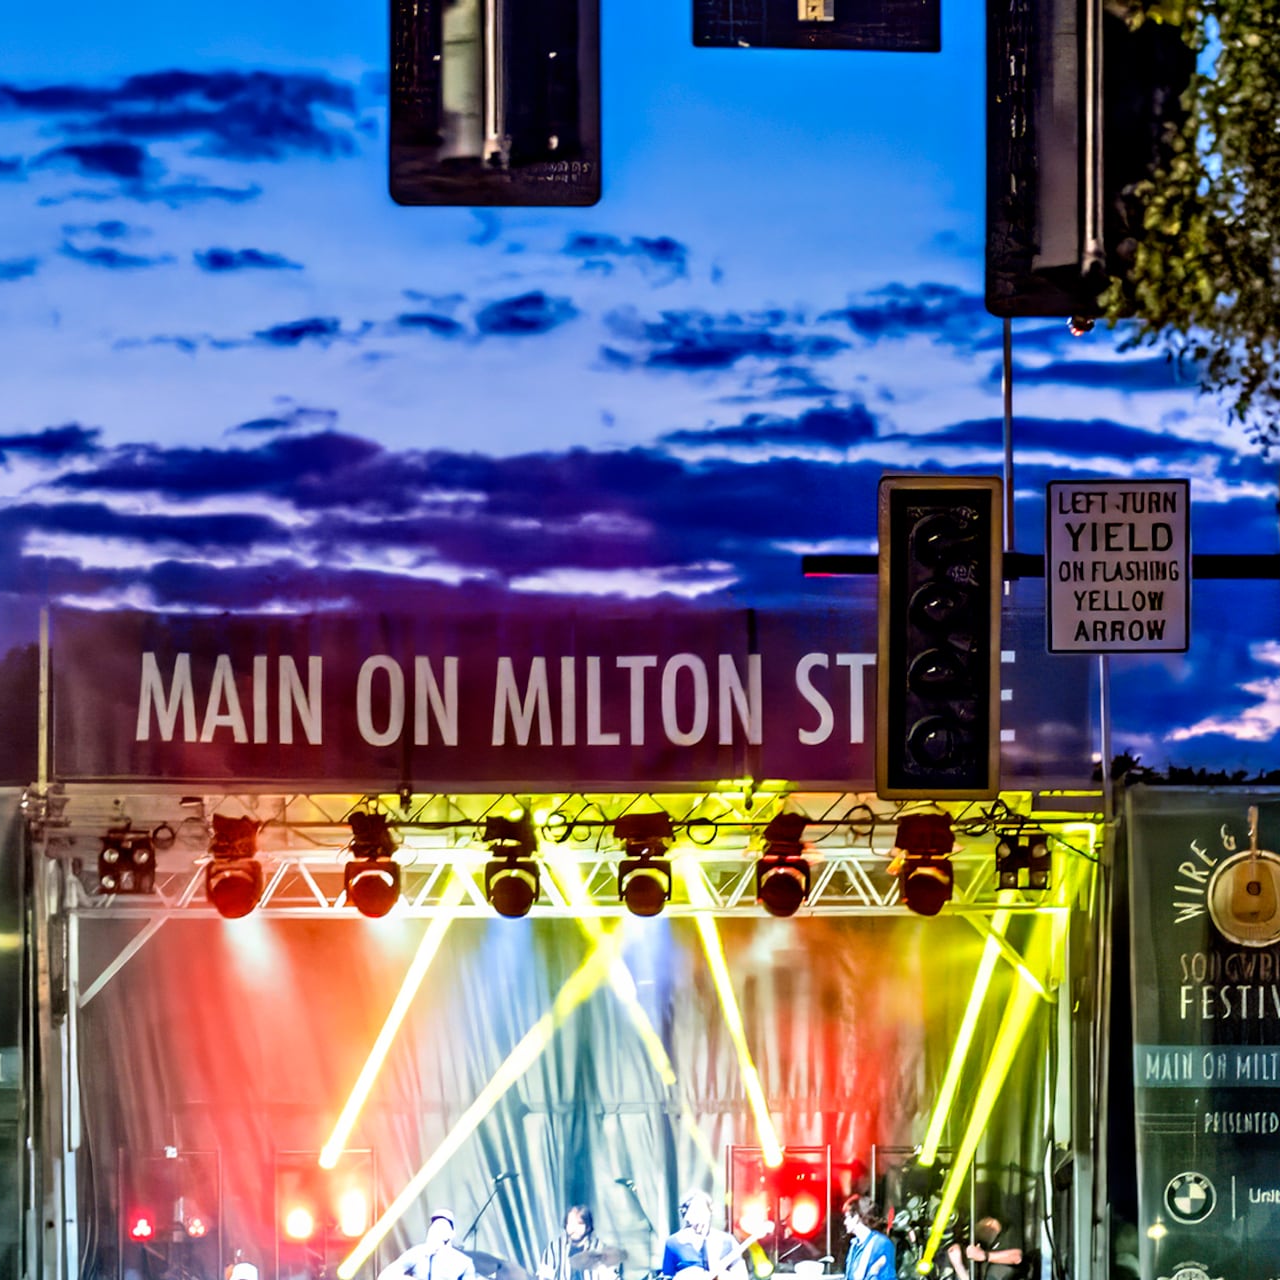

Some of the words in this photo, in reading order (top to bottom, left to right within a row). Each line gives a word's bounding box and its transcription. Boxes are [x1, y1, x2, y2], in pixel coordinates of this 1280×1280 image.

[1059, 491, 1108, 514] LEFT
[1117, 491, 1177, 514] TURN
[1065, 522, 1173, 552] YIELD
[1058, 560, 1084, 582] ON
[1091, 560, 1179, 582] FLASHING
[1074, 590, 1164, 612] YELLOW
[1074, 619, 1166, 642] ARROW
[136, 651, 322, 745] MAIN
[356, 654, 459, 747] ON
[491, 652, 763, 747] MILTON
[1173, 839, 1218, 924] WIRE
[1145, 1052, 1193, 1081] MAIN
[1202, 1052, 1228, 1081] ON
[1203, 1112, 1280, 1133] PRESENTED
----------------------------------------
# WORK TO COMPLETE
Pictures don't belong in the copy. Restate all the entries exactly.

# EXERCISE RESULT
Some of the words in this photo, in reading order (top to bottom, left to right within a row). Each line gives a word's bounding box and its transcription. Boxes are [x1, y1, x2, y2], in pixel coordinates of this 1280×1280 image.

[1059, 491, 1108, 514] LEFT
[1117, 491, 1177, 514] TURN
[1065, 522, 1173, 552] YIELD
[1058, 560, 1084, 582] ON
[1091, 560, 1179, 582] FLASHING
[1074, 590, 1164, 612] YELLOW
[1074, 619, 1166, 642] ARROW
[136, 651, 322, 745] MAIN
[356, 654, 459, 747] ON
[491, 652, 763, 747] MILTON
[1173, 839, 1218, 924] WIRE
[1145, 1052, 1193, 1081] MAIN
[1202, 1052, 1228, 1081] ON
[1203, 1112, 1280, 1133] PRESENTED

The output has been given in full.